Much like colonialists, Israelis always knew better what was best for the natives. After all, the Israeli political establishment is convinced that the Palestinians are not capable of deciding things for themselves. And this arrogance has carried itself into the press — we read how Palestinians “send” their children to the slaughter, while no mention is made of the settlers placing their own children in danger in settlements that violate international law, the Geneva Conventions, and common sense. When Israel strikes to maintain an illegal occupation it is a “military” operation, when Palestinians resist, it is simply called terrorism.
When pressed, Israelis will say “we have seen no hands extended by the Palestinians…” Again, an expectation based on the context of master and servant, borne out of ingrained paternalism and patronage. When one side holds all the power, all the force, how can it expect the weaker side to even consider extending a hand? No, if anything is to be extended, it must be put forth by the Israeli side, unilaterally, unconditionally and if necessary, without US approval. An end to the occupation, the withdrawal of all forces to the 1967 borders, the evacuation of the settlements, the settler infrastructure and houses to be left for Palestinian use as partial reparation, and a commitment to help build the Palestinian State. All this as measures of goodwill on the part of Israel, prior to any return to negotiations.

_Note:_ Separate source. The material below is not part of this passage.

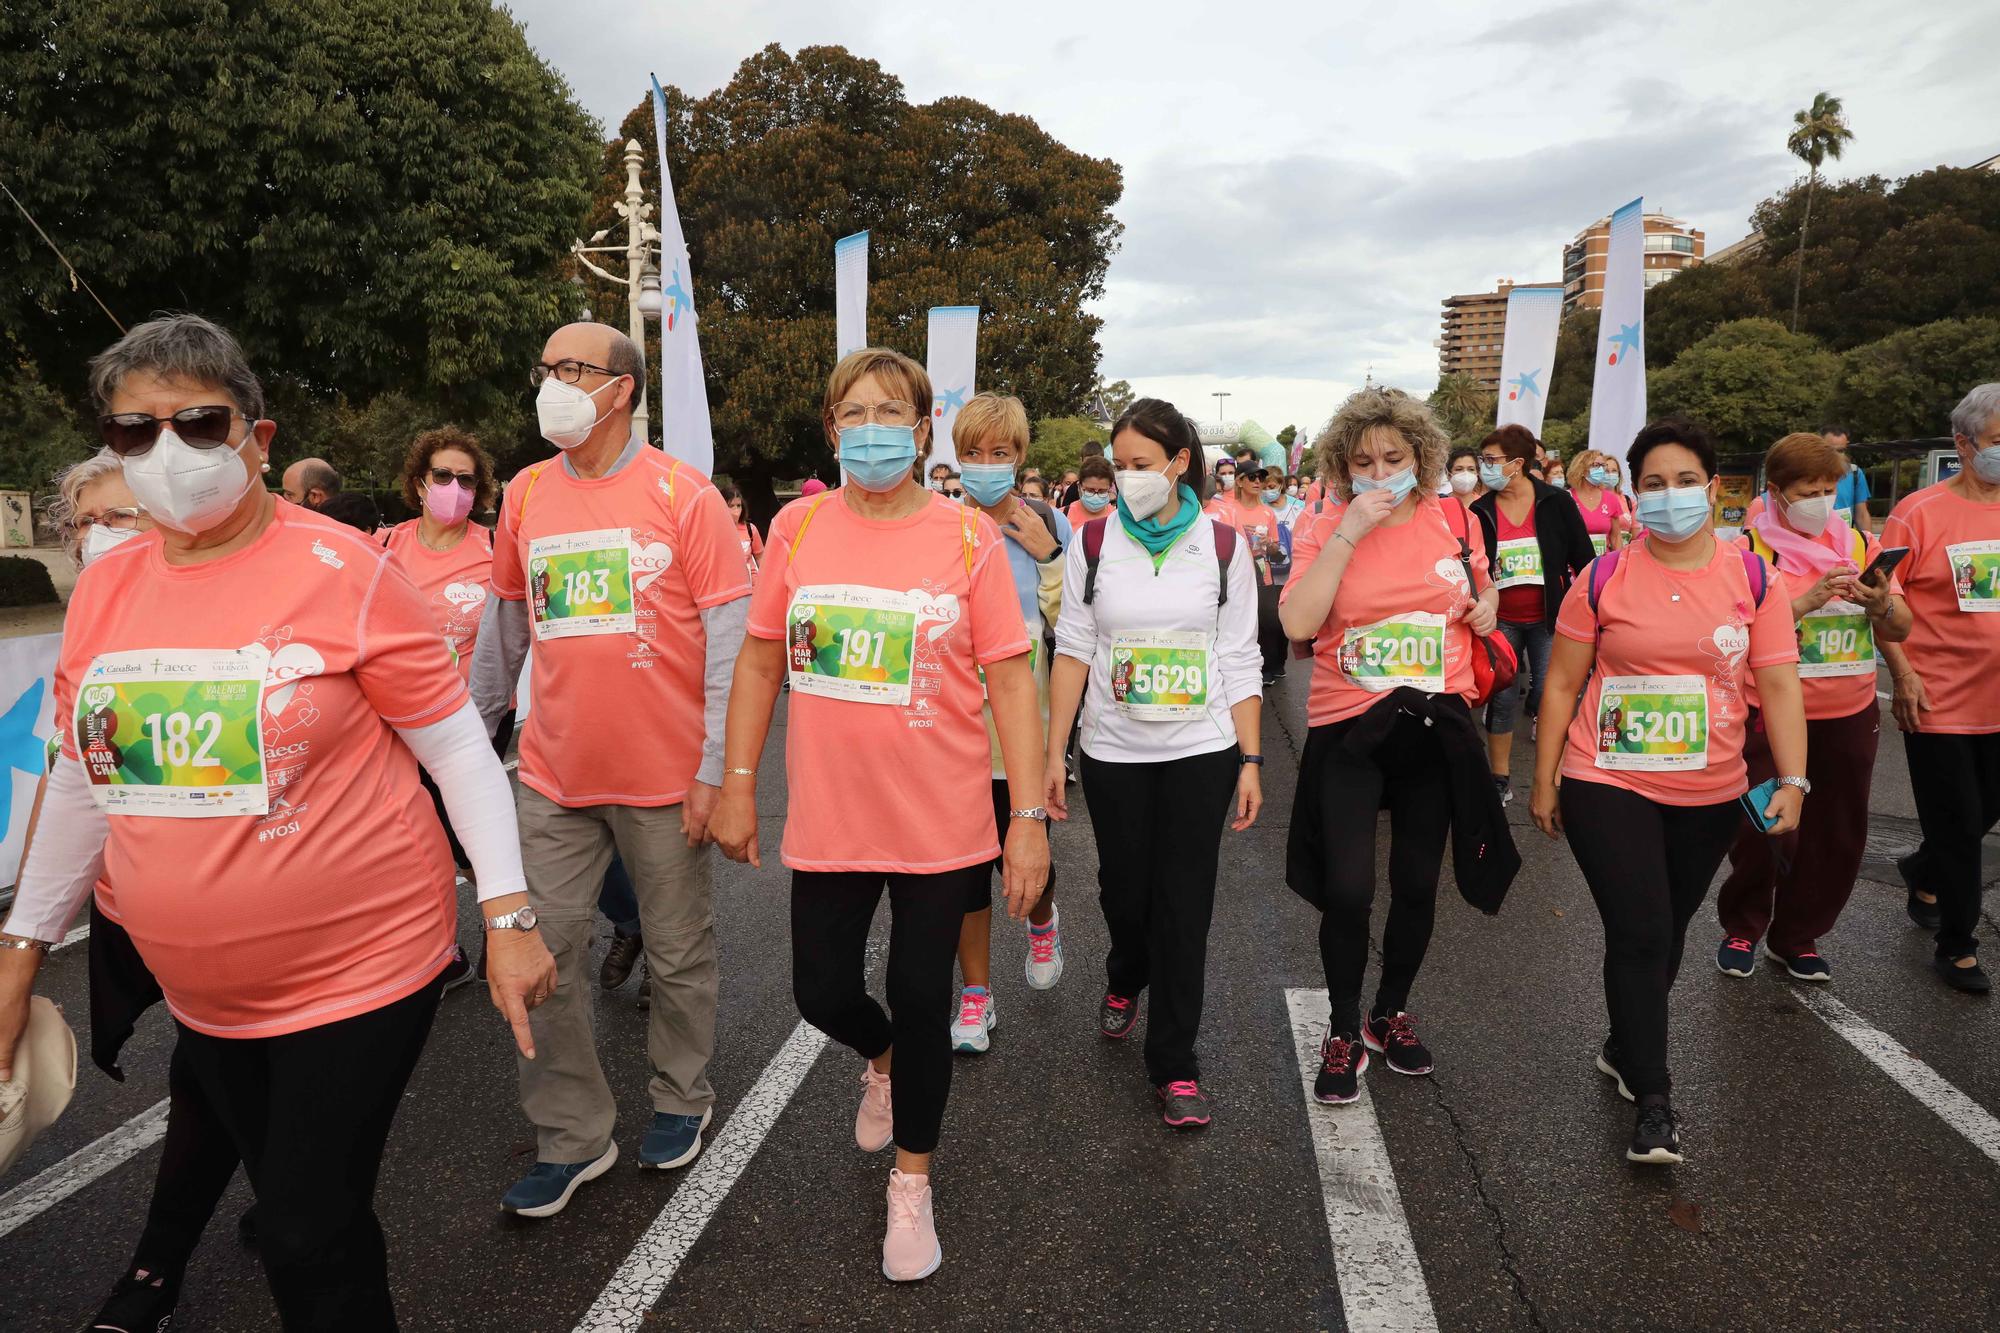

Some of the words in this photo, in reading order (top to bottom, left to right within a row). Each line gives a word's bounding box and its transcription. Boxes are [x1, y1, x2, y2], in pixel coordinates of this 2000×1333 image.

Israel has no choice but to end the brutal occupation and subjugation of the Palestinian people. Not to do so clearly spells the beginning of the end of the State of Israel as it is known today, and will lead to the creation of a fanatical pariah state built upon the agendas of a radical minority. The sooner the better, before the vision of these merchants of death and destruction becomes the only option that Israel has. Welcome to the “new speak”.
Mr. Sam Bahour is a Palestinian-American businessman, born and raised in Youngstown, Ohio, who relocated to his family’s home in Al-Bireh, West Bank immediately following the signing of the 1993 Oslo Peace Accords. He is co-author of HOMELAND: Oral Histories of Palestine and Palestinians (1994). Mr. Michael Dahan is an Israeli political scientist currently conducting postdoctoral research at the University of Cincinnati. Mr. Bahour and Mr. Dahan are co-founders of MEViC, the Middle East Virtual Community.